▶ _Exercise_
The answer should consist of every line of the material, repeated verbatim.

▶ _Data shown_
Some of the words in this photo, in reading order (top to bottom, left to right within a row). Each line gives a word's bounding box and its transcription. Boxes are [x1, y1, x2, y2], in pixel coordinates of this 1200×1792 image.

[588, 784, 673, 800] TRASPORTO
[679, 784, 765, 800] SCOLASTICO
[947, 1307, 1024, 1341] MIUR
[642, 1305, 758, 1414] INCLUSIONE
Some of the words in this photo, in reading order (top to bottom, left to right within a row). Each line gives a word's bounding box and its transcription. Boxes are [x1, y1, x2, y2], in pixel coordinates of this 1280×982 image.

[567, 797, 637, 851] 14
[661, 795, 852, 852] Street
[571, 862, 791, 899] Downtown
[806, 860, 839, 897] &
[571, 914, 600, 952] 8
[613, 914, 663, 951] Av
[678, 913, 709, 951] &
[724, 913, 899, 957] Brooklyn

▶ _Exercise output_
Some of the words in this photo, in reading order (top to bottom, left to right within a row). Each line gives a word's bounding box and its transcription. Boxes are [x1, y1, x2, y2], in pixel coordinates of this 1200×1792 image.

[588, 784, 673, 800] TRASPORTO
[679, 784, 765, 800] SCOLASTICO
[947, 1307, 1024, 1341] MIUR
[642, 1305, 758, 1414] INCLUSIONE
Some of the words in this photo, in reading order (top to bottom, left to right within a row). Each line gives a word's bounding box and its transcription. Boxes are [x1, y1, x2, y2], in pixel coordinates of this 1280×982 image.

[567, 797, 637, 851] 14
[661, 795, 852, 852] Street
[571, 862, 791, 899] Downtown
[806, 860, 839, 897] &
[571, 914, 600, 952] 8
[613, 914, 663, 951] Av
[678, 913, 709, 951] &
[724, 913, 899, 957] Brooklyn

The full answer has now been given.